Entries supplied:

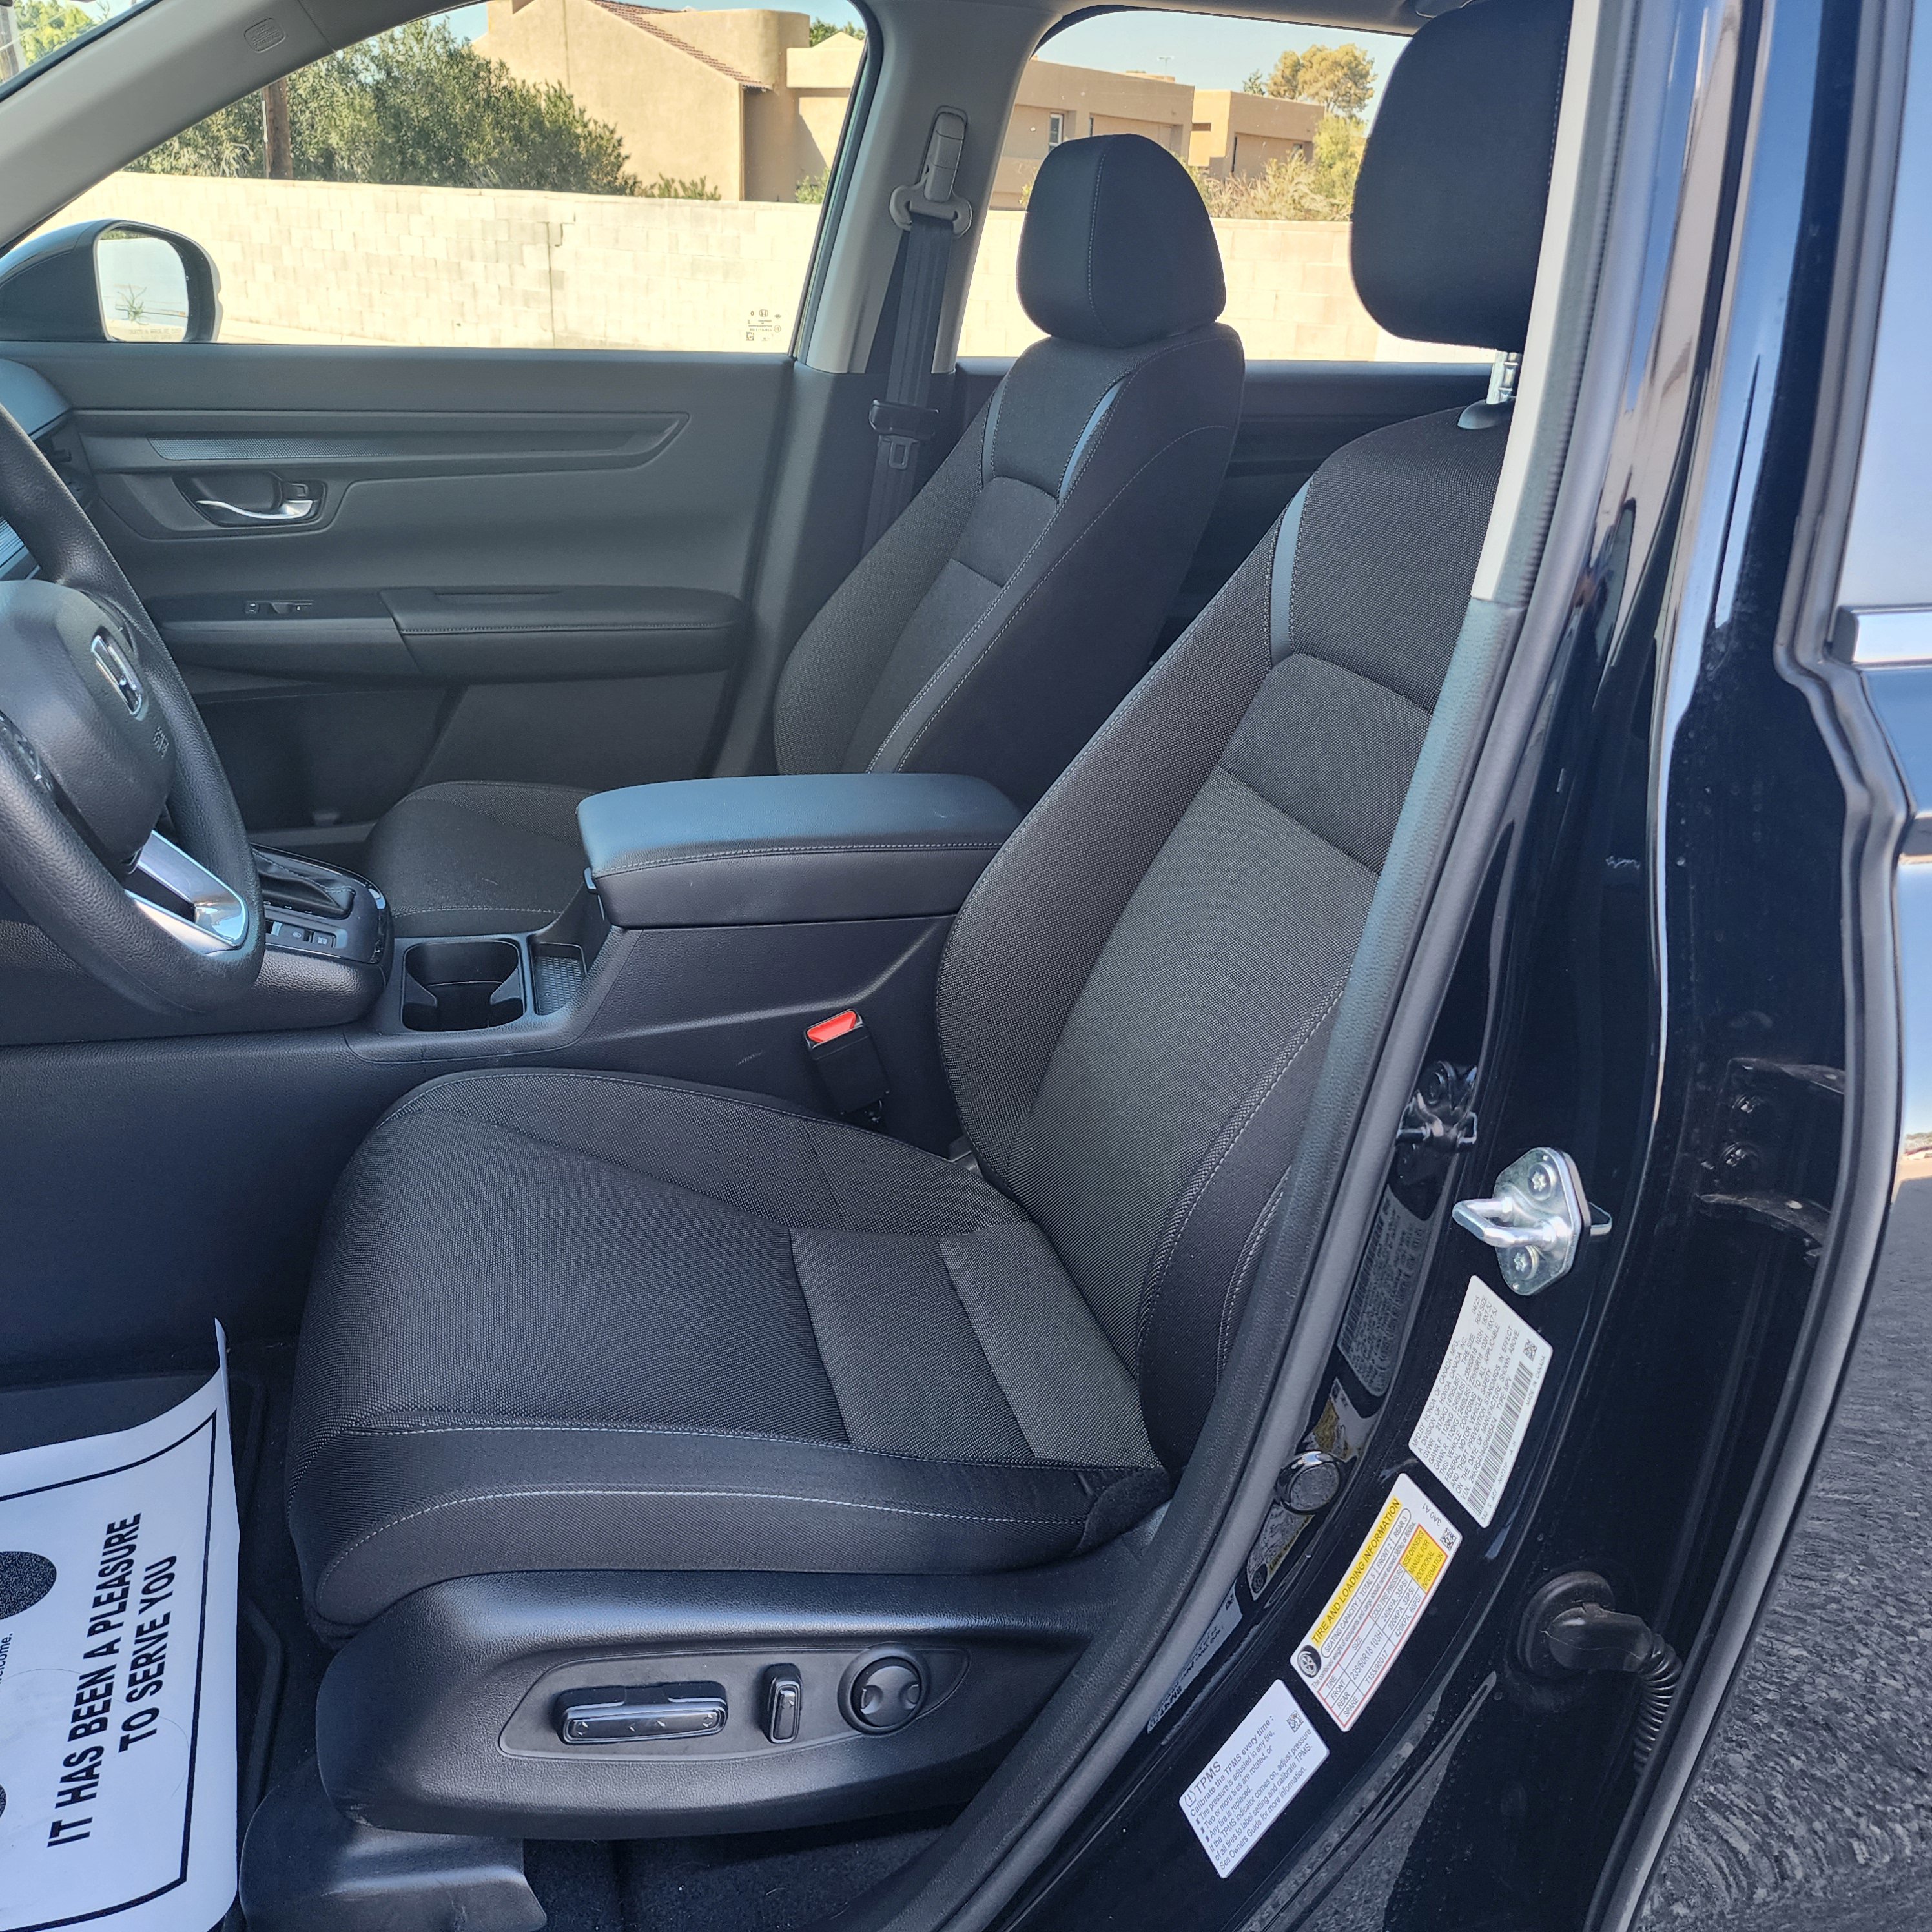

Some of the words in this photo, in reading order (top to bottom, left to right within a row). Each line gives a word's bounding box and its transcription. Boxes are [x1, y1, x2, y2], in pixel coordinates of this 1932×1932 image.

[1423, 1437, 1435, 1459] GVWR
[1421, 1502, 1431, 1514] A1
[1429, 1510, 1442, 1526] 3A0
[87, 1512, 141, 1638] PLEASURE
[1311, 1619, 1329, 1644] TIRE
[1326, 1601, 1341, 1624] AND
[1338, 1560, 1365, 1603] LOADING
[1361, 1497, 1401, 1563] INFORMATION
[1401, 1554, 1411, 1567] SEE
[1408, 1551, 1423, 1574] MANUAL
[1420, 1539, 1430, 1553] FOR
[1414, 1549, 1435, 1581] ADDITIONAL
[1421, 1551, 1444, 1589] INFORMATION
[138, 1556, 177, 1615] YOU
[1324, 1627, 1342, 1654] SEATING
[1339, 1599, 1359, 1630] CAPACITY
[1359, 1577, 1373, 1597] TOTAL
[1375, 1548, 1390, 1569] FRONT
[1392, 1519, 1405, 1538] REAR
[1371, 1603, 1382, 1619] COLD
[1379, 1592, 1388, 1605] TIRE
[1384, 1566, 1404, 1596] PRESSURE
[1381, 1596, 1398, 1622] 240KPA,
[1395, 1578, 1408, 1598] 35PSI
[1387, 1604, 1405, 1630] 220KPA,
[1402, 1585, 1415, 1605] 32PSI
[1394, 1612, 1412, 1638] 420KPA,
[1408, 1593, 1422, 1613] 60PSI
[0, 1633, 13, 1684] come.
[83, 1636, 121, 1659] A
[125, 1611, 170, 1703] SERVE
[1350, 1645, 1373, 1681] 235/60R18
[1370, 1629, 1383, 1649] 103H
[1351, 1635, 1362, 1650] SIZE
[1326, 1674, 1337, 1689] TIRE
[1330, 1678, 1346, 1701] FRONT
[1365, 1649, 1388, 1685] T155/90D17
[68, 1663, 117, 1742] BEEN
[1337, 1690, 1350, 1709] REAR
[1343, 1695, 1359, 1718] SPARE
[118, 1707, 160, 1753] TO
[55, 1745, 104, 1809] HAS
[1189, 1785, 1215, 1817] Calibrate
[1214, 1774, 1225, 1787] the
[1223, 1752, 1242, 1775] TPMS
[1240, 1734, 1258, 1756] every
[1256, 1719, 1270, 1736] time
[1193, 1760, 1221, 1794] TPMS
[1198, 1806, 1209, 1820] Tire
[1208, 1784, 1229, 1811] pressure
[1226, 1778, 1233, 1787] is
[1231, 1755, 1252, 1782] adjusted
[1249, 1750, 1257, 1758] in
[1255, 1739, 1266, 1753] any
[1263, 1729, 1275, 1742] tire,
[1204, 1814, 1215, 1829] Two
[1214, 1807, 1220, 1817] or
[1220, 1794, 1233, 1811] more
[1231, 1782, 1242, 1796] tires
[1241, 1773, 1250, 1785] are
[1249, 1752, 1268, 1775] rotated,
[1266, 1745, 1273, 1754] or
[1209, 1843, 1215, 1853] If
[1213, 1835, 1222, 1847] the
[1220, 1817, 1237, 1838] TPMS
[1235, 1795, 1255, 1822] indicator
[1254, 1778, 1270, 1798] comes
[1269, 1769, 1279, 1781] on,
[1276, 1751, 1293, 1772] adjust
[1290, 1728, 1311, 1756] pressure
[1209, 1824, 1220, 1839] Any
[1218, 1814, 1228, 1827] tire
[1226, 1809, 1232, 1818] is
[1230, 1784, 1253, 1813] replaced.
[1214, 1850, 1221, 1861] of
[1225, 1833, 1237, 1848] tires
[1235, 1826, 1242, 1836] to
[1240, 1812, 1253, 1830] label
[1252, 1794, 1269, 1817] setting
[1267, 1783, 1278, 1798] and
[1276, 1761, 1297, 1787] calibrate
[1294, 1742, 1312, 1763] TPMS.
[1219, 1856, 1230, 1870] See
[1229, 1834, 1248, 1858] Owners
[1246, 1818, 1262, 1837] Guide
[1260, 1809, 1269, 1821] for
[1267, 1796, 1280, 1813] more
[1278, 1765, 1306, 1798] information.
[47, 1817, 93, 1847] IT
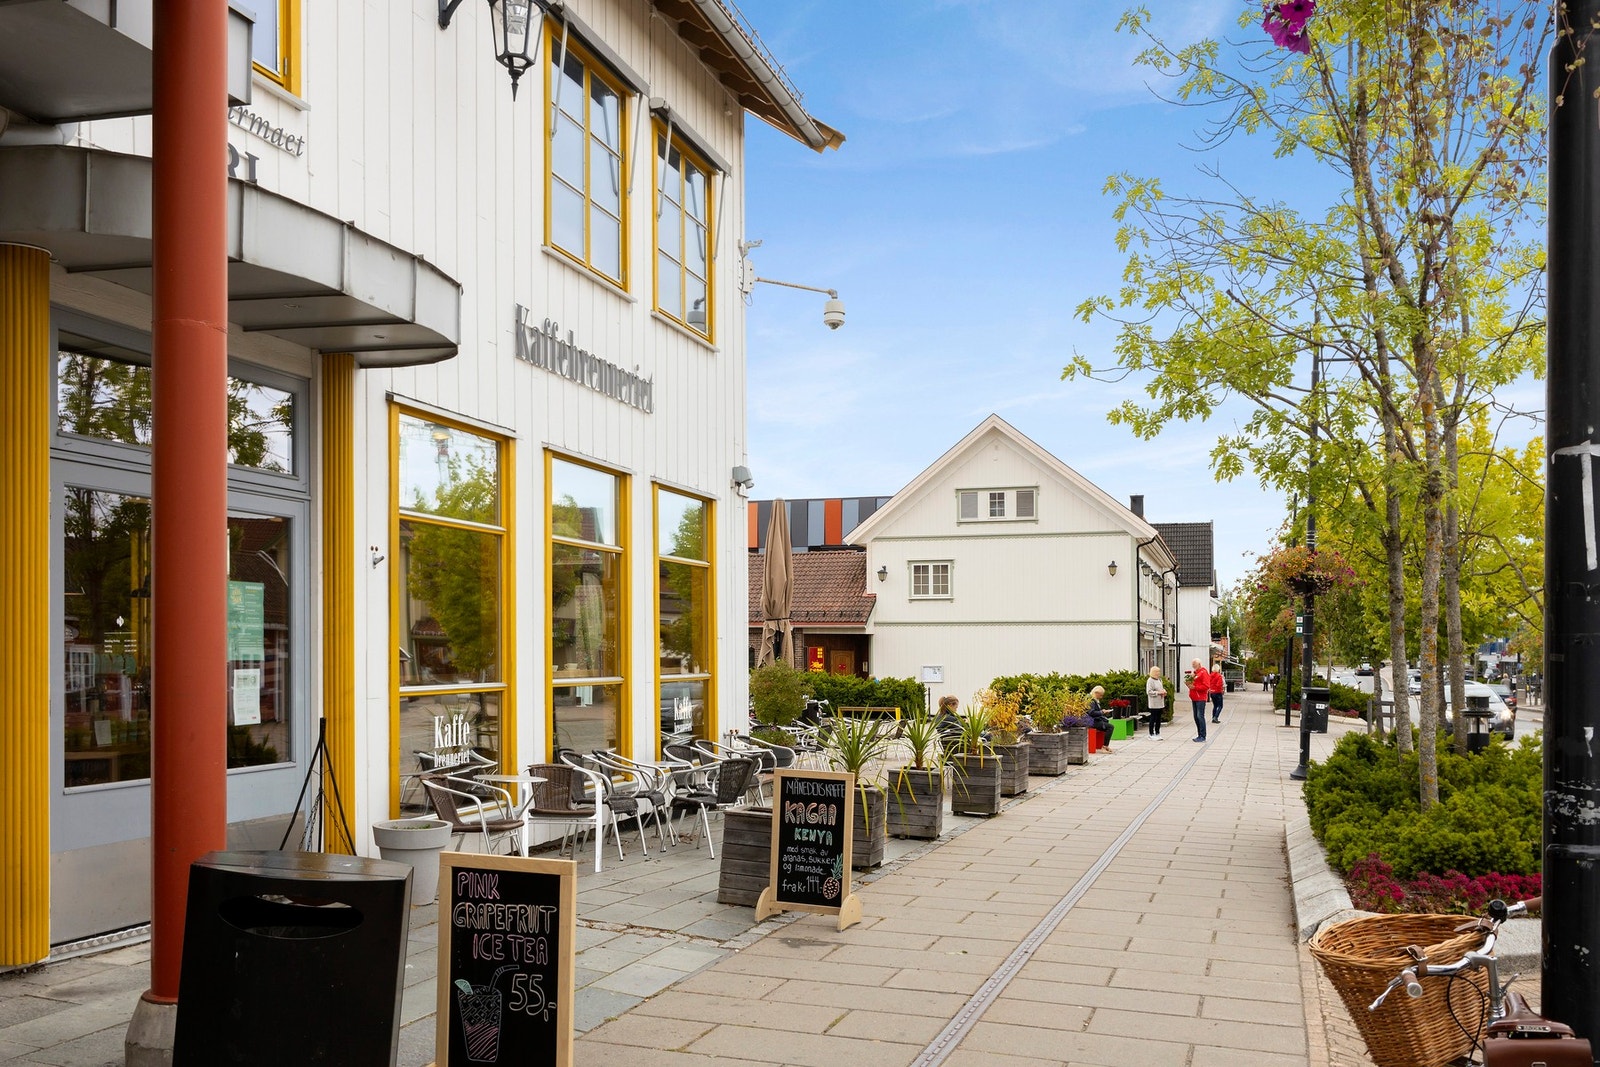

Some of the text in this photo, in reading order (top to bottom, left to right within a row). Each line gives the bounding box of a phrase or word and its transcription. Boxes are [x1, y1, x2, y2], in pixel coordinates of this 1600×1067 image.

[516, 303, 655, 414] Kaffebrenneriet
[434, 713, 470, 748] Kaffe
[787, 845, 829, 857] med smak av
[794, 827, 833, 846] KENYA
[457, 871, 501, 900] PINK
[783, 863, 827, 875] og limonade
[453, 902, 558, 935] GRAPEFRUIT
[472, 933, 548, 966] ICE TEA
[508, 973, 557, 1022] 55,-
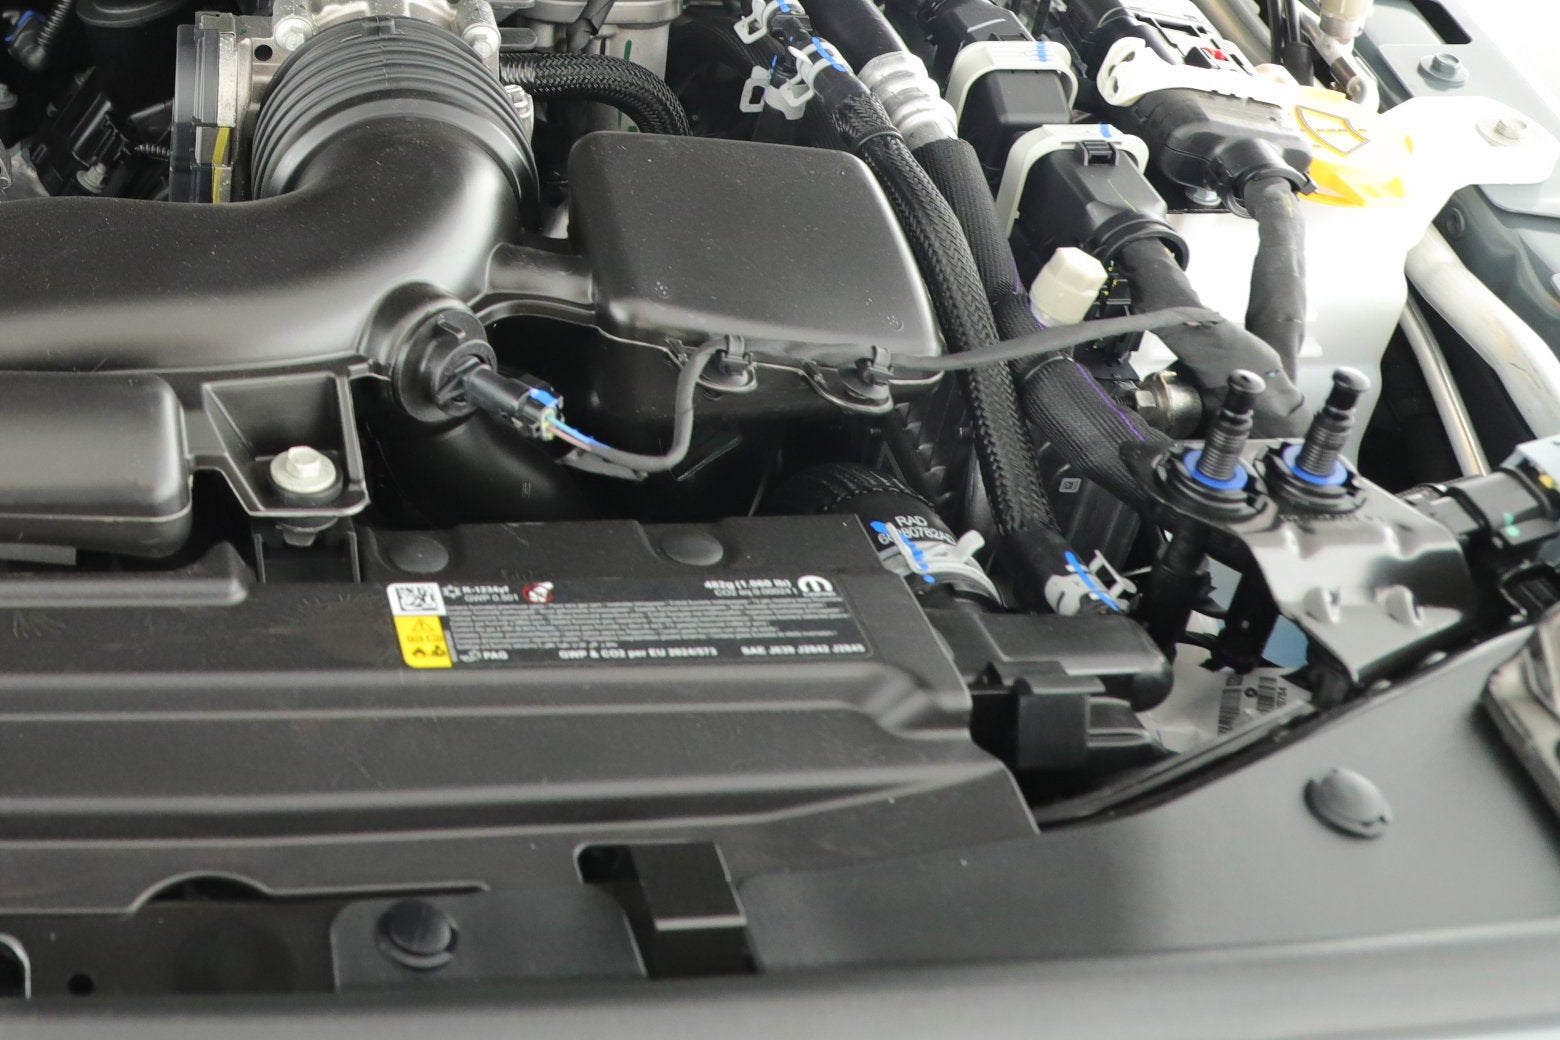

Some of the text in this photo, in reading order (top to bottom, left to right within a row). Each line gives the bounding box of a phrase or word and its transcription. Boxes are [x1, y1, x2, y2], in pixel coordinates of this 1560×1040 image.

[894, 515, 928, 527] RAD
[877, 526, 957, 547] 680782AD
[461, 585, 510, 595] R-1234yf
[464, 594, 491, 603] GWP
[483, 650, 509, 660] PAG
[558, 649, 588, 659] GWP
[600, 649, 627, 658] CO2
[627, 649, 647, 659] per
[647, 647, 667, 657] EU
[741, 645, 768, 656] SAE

Exercise description: With images excluded, write the records above out again exactly.

Output for this task:
Some of the words in this photo, in reading order (top to bottom, left to right within a row). Each line gives a word's bounding box and its transcription. Boxes are [x1, y1, x2, y2], in pixel coordinates of this 1932×1932 image.

[1423, 1437, 1435, 1459] GVWR
[1421, 1502, 1431, 1514] A1
[1429, 1510, 1442, 1526] 3A0
[87, 1512, 141, 1638] PLEASURE
[1311, 1619, 1329, 1644] TIRE
[1326, 1601, 1341, 1624] AND
[1338, 1560, 1365, 1603] LOADING
[1361, 1497, 1401, 1563] INFORMATION
[1401, 1554, 1411, 1567] SEE
[1408, 1551, 1423, 1574] MANUAL
[1420, 1539, 1430, 1553] FOR
[1414, 1549, 1435, 1581] ADDITIONAL
[1421, 1551, 1444, 1589] INFORMATION
[138, 1556, 177, 1615] YOU
[1324, 1627, 1342, 1654] SEATING
[1339, 1599, 1359, 1630] CAPACITY
[1359, 1577, 1373, 1597] TOTAL
[1375, 1548, 1390, 1569] FRONT
[1392, 1519, 1405, 1538] REAR
[1371, 1603, 1382, 1619] COLD
[1379, 1592, 1388, 1605] TIRE
[1384, 1566, 1404, 1596] PRESSURE
[1381, 1596, 1398, 1622] 240KPA,
[1395, 1578, 1408, 1598] 35PSI
[1387, 1604, 1405, 1630] 220KPA,
[1402, 1585, 1415, 1605] 32PSI
[1394, 1612, 1412, 1638] 420KPA,
[1408, 1593, 1422, 1613] 60PSI
[0, 1633, 13, 1684] come.
[83, 1636, 121, 1659] A
[125, 1611, 170, 1703] SERVE
[1350, 1645, 1373, 1681] 235/60R18
[1370, 1629, 1383, 1649] 103H
[1351, 1635, 1362, 1650] SIZE
[1326, 1674, 1337, 1689] TIRE
[1330, 1678, 1346, 1701] FRONT
[1365, 1649, 1388, 1685] T155/90D17
[68, 1663, 117, 1742] BEEN
[1337, 1690, 1350, 1709] REAR
[1343, 1695, 1359, 1718] SPARE
[118, 1707, 160, 1753] TO
[55, 1745, 104, 1809] HAS
[1189, 1785, 1215, 1817] Calibrate
[1214, 1774, 1225, 1787] the
[1223, 1752, 1242, 1775] TPMS
[1240, 1734, 1258, 1756] every
[1256, 1719, 1270, 1736] time
[1193, 1760, 1221, 1794] TPMS
[1198, 1806, 1209, 1820] Tire
[1208, 1784, 1229, 1811] pressure
[1226, 1778, 1233, 1787] is
[1231, 1755, 1252, 1782] adjusted
[1249, 1750, 1257, 1758] in
[1255, 1739, 1266, 1753] any
[1263, 1729, 1275, 1742] tire,
[1204, 1814, 1215, 1829] Two
[1214, 1807, 1220, 1817] or
[1220, 1794, 1233, 1811] more
[1231, 1782, 1242, 1796] tires
[1241, 1773, 1250, 1785] are
[1249, 1752, 1268, 1775] rotated,
[1266, 1745, 1273, 1754] or
[1209, 1843, 1215, 1853] If
[1213, 1835, 1222, 1847] the
[1220, 1817, 1237, 1838] TPMS
[1235, 1795, 1255, 1822] indicator
[1254, 1778, 1270, 1798] comes
[1269, 1769, 1279, 1781] on,
[1276, 1751, 1293, 1772] adjust
[1290, 1728, 1311, 1756] pressure
[1209, 1824, 1220, 1839] Any
[1218, 1814, 1228, 1827] tire
[1226, 1809, 1232, 1818] is
[1230, 1784, 1253, 1813] replaced.
[1214, 1850, 1221, 1861] of
[1225, 1833, 1237, 1848] tires
[1235, 1826, 1242, 1836] to
[1240, 1812, 1253, 1830] label
[1252, 1794, 1269, 1817] setting
[1267, 1783, 1278, 1798] and
[1276, 1761, 1297, 1787] calibrate
[1294, 1742, 1312, 1763] TPMS.
[1219, 1856, 1230, 1870] See
[1229, 1834, 1248, 1858] Owners
[1246, 1818, 1262, 1837] Guide
[1260, 1809, 1269, 1821] for
[1267, 1796, 1280, 1813] more
[1278, 1765, 1306, 1798] information.
[47, 1817, 93, 1847] IT

Some of the text in this photo, in reading order (top to bottom, left to right within a row). Each line gives the bounding box of a phrase or word and its transcription. Boxes are [x1, y1, x2, y2], in pixel coordinates of this 1600×1067 image.

[516, 303, 655, 414] Kaffebrenneriet
[434, 713, 470, 748] Kaffe
[787, 845, 829, 857] med smak av
[794, 827, 833, 846] KENYA
[457, 871, 501, 900] PINK
[783, 863, 827, 875] og limonade
[453, 902, 558, 935] GRAPEFRUIT
[472, 933, 548, 966] ICE TEA
[508, 973, 557, 1022] 55,-

Some of the text in this photo, in reading order (top to bottom, left to right within a row). Each line gives the bounding box of a phrase or word and its transcription. Boxes are [x1, y1, x2, y2], in pixel coordinates of this 1560×1040 image.

[894, 515, 928, 527] RAD
[877, 526, 957, 547] 680782AD
[461, 585, 510, 595] R-1234yf
[464, 594, 491, 603] GWP
[483, 650, 509, 660] PAG
[558, 649, 588, 659] GWP
[600, 649, 627, 658] CO2
[627, 649, 647, 659] per
[647, 647, 667, 657] EU
[741, 645, 768, 656] SAE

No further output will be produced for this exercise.